Günlük hayat dışında mezarlarda özellikle Orta Krallık Dönemi'nde popüler olan model teknelerde insan ve hayvan figürleriyle belirli bir an canlandırılmıştır. Her biri birbirinden farklı düzenleme sahiptir. Hepsinde benzer olan ölen kişinin (Meketre) özel bir yerde (gölgelikte) oturması; çeşitli yiyecek ve içecekleri sunan hizmetlilerle, şarkı söyleyen, adaklar sunan figürlerle kuşatılmış olmasıdır. Hepsinin içeriği farklı olsa da figürler Meketre dahil benzer özellikte yüzlere sahiptir.
Her ne kadar ölümden sonraki yaşam için yapılmış olsa da dünyevi sahneler içerir. Nehrin derinliğini belirlemek için ip tutan figür buna örnek olarak verilebilir.
Günlük bir gezide av sahnesi gibi görünse de detaylara inildiğinde mavi nilüfer çiçeğini tutan Meketre'nin yeniden doğuşla ilişkilendirildiği anlıyoruz. Bir başka sahnede her sabah güneşin doğumu açan lotus çiceğiyle sembolize ediliyor.
Mısır Orta Krallık Dönemi'nde cenaze töreninin bir parçası olan ilk görsellerdeki yeşil renkli çift dümenli teknelerle Abydos'a Osiris'in kült merkezine yolculuğun temsil edildiği bilinir.

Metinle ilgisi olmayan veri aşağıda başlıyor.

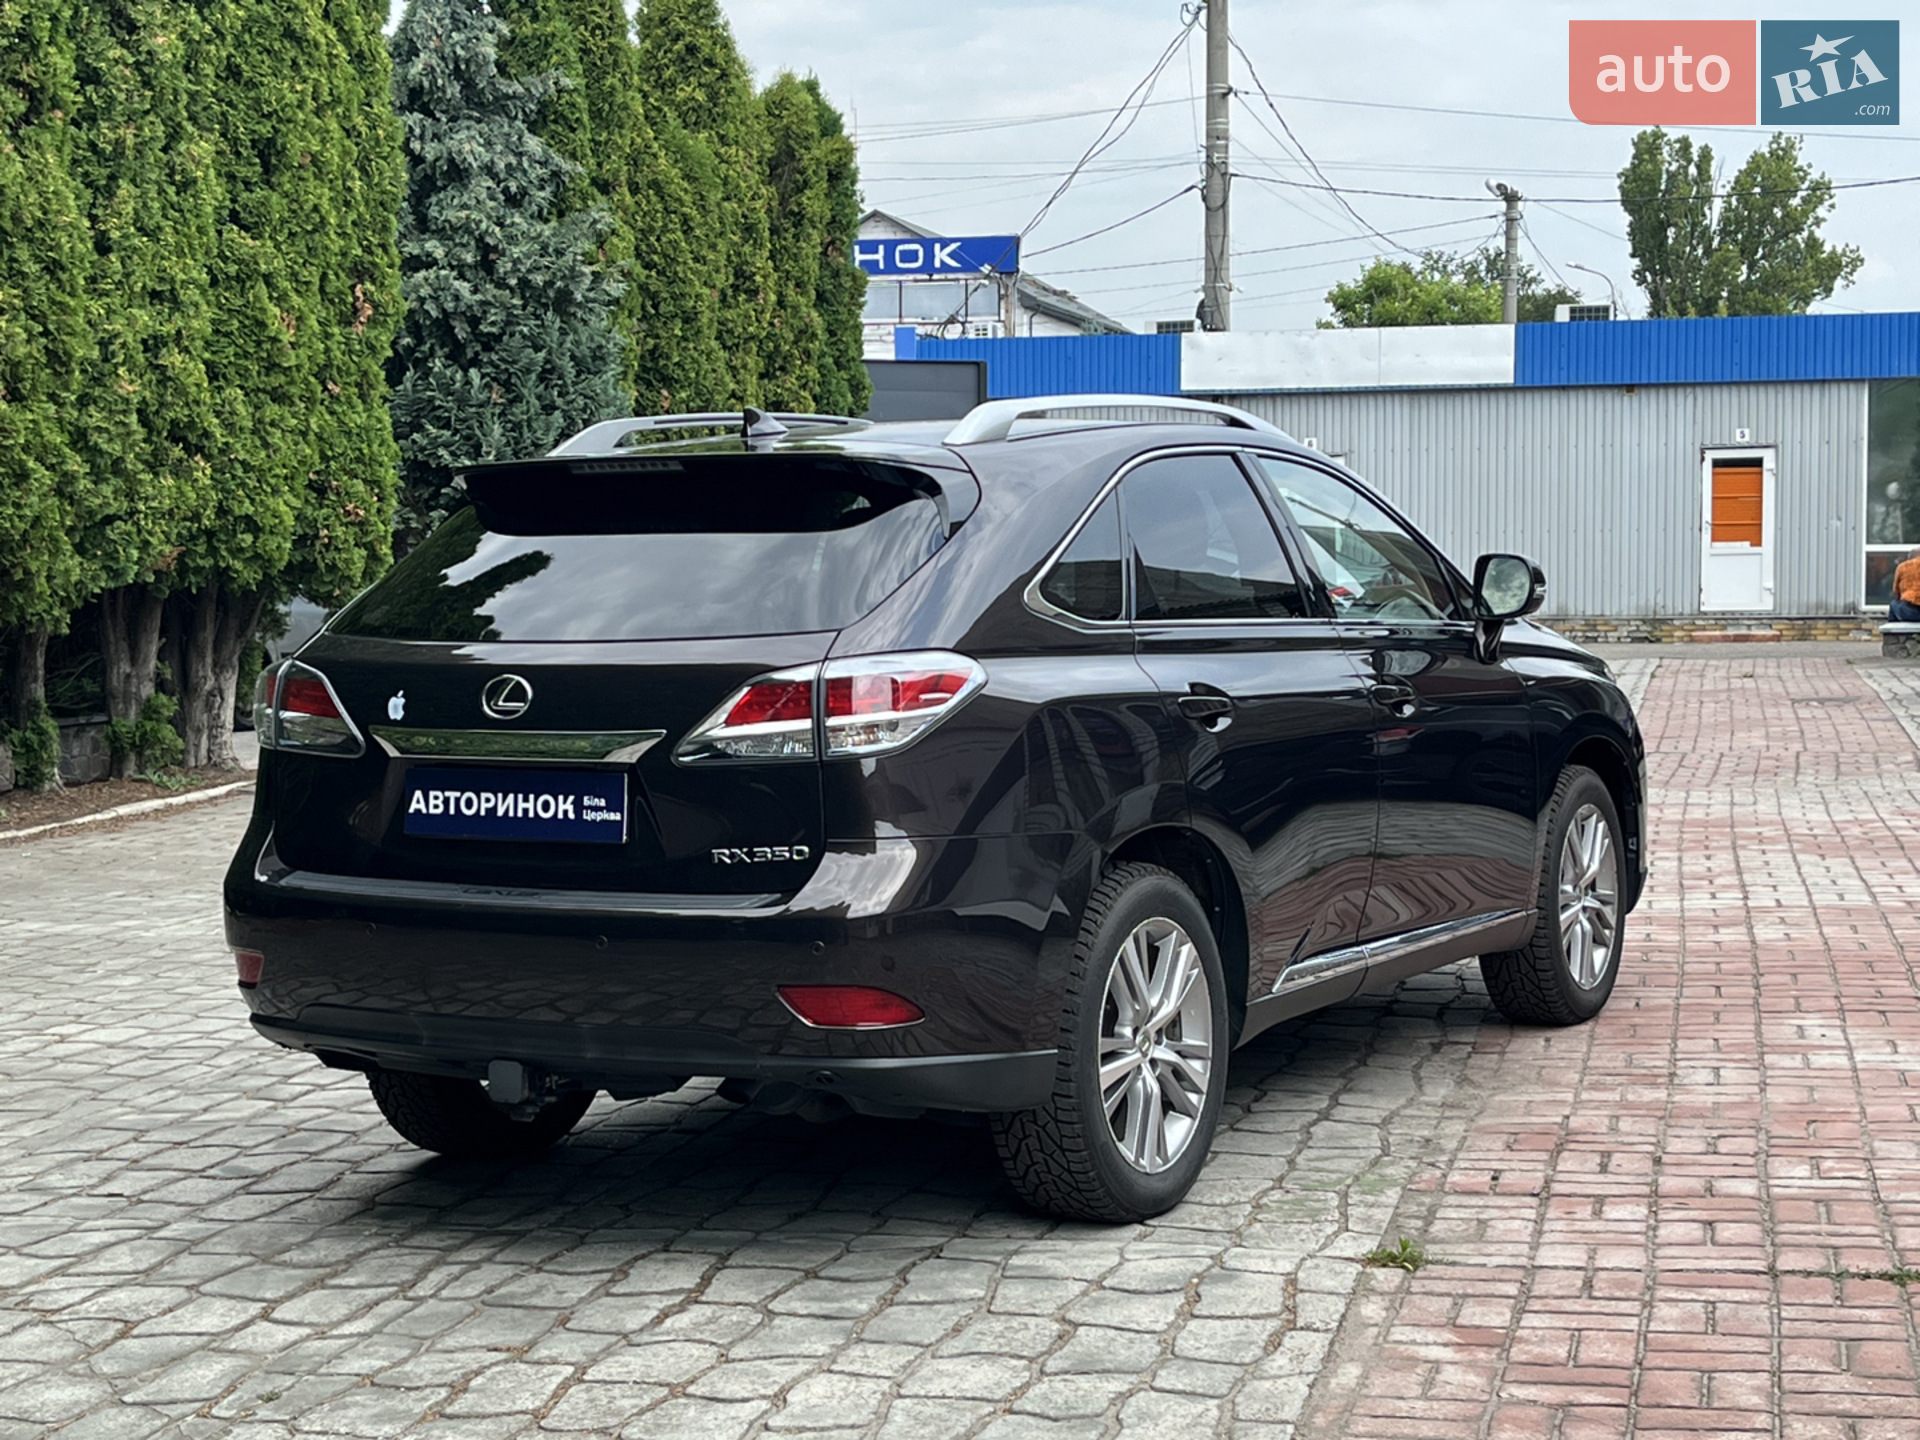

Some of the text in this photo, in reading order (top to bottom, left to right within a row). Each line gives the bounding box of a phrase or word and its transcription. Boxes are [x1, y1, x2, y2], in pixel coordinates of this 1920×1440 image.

Ölümün ve dirilişin kutlandığı bu yere giden iki tekne bulunur. Bu iki tekne diğerlerinden farklı ve özel olduğunu rengi ve özellikleriyle gösterir. Ölümden sonra yaşama inancın güçlü hissini bu ahşap teknelerin ve figürlerin en ince ayrıntısına kadar işlenip bir kurgu oluşturacak halde düzenlenmesi bize göstermektedir.